## Task requirements
Nothing but the pictures should go missing; return all the entries below exactly.

------------------------------------------------------------------------

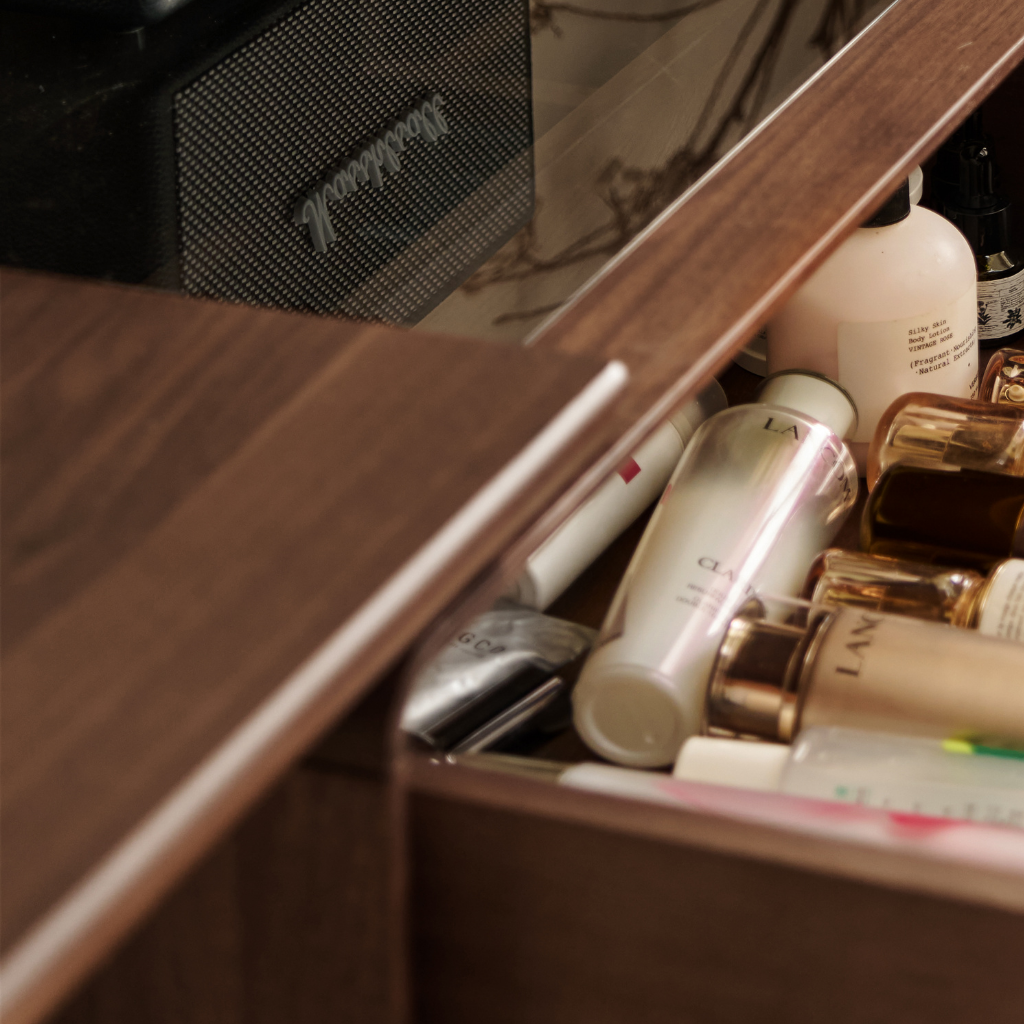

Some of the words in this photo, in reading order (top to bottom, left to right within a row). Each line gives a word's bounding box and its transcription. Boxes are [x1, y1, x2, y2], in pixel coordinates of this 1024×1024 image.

[908, 326, 929, 336] Silky
[932, 319, 947, 329] Skin
[908, 336, 926, 345] Body
[928, 326, 950, 339] Lotion
[908, 340, 937, 353] VINTAGE
[939, 332, 954, 344] ROSE

------------------------------------------------------------------------

## Task result
Some of the words in this photo, in reading order (top to bottom, left to right within a row). Each line gives a word's bounding box and its transcription. Boxes are [x1, y1, x2, y2], in pixel coordinates of this 1024×1024 image.

[908, 326, 929, 336] Silky
[932, 319, 947, 329] Skin
[908, 336, 926, 345] Body
[928, 326, 950, 339] Lotion
[908, 340, 937, 353] VINTAGE
[939, 332, 954, 344] ROSE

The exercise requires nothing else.